To take full advantage of the opportunity, you need to ask yourself what kind of information you intend to obtain during that preliminary conversation. Figure out what you do not know, that you need to know, before you go. That way you’ll leave the meeting with valuable answers.

3) Study the Stakeholder’s Business

Familiarize yourself with their business philosophy, model, and process. Analyze their corporate or departmental DNA. Find out what they do and how they do it. That will shed light on how you can provide assistance to ensure they do it better and more profitably.

Manage Expectations

Don’t enter the negotiations from a position of disadvantage that could set yourself up for failure. Articulate to them from the onset that they need what you bring to the table. Then establish reasonable and actionable expectations and timelines for what you can and will deliver, and what they need to do to fulfill their role in the process.

1) It’s a 2-way conversation.

Don’t show up only to take notes regarding their needs and objectives. That’s important. But you need to also keep your own goals in mind. This kind of planning is more about comparing notes and negotiating your responsibilities than it is about delivering a sales pitch.

2) Seek supportive alignment.

By illustrating how your strengths can support their areas of perceived weakness, you effectively demonstrate how working with you will improve their performance and productivity.

3) Make it a joint venture.

Make sure that whenever necessary, you assert yourself in order to formulate an agreement with realistic expectations. Shape your exchange of ideas around the sustainable framework of joint collaboration, not just a one-off transaction.

You’re the Expert in the Room

Since you are the expert, you need to act with confidence and authority.

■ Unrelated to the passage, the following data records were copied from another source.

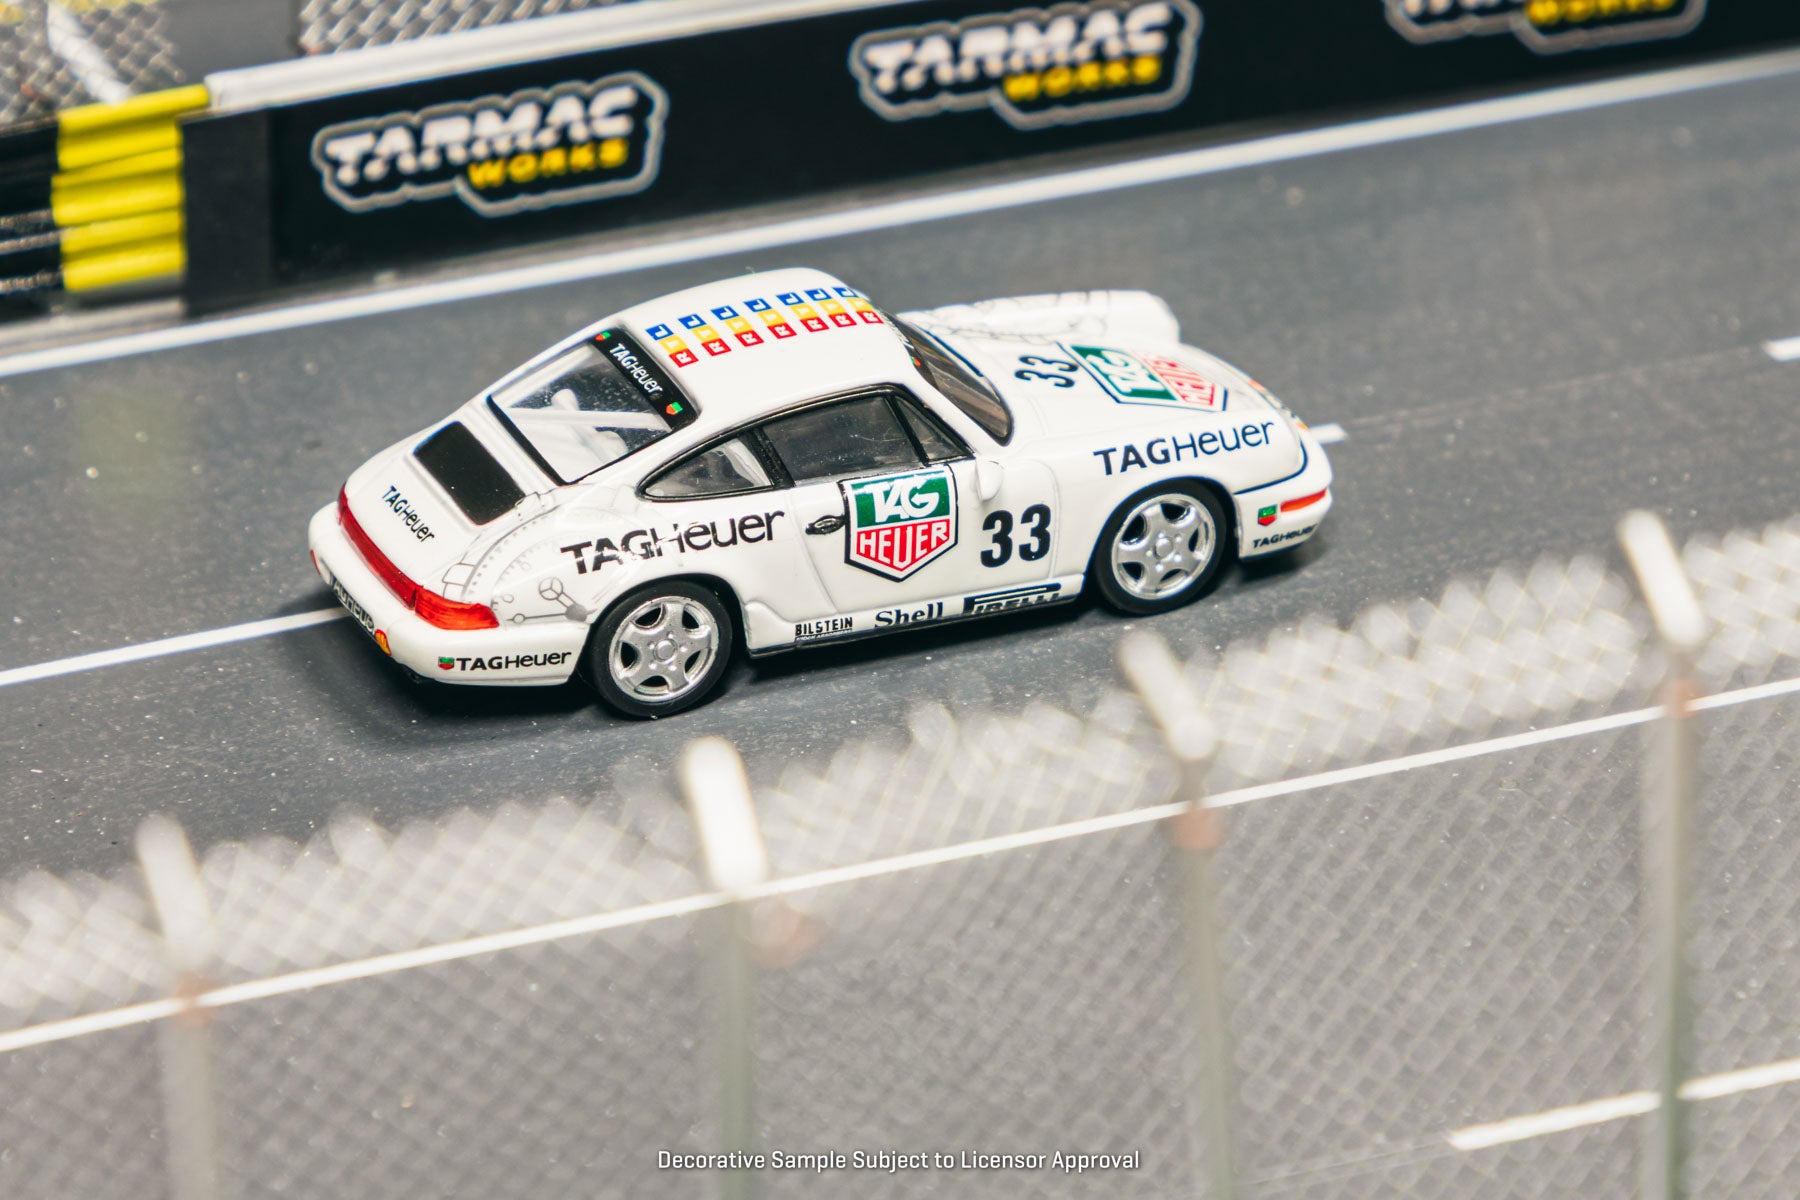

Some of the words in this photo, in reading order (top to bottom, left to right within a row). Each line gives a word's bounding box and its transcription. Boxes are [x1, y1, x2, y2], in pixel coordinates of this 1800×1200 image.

[865, 3, 1172, 94] TARMAC
[1004, 54, 1160, 101] WORKS
[326, 86, 637, 186] TARMAC
[468, 138, 628, 188] WORKS
[1014, 355, 1079, 388] 33
[856, 479, 940, 523] TAG
[859, 521, 949, 567] HEUER
[980, 503, 1051, 568] 33
[795, 616, 853, 637] BILSTEIN
[875, 602, 943, 628] Shell

If you’ve done your background work before sitting down with the stakeholder, that should come naturally. You’ll have the poise and leadership presence to contribute persuasive insight.

1) Know your value.

Don’t succumb to small thinking and wonder “Why on earth would I ever challenge what a stakeholder asks of me or presents to me?” Instead, take an inventory of the valuable services that you are rendering and realize how it benefits them to agree to what you propose.

2) They need you as much as you need them.

Identify with the role of being a positive conduit for your stakeholders. You are going to help them meet their goals in ways they cannot do on their own. They need you, and all it takes to influence them to say “yes” is for you to show them why that’s true and practical.

3) Own your expertise.

As the expert, you will assert yourself and point out why your diagnosis is correct and in your stakeholder’s best interest. You may need to gently push back against your stakeholders during negotiations and demonstrate thought leadership. But as long as you continue to view the situation from the authentic role of their advisor, you’ll be convincing.

Understanding how to engage stakeholders in this way is the linchpin for success. Distinguish your organization from competitors who are still working from a narrow transactional mindset that limits the strategic development of more meaningful stakeholder rapport.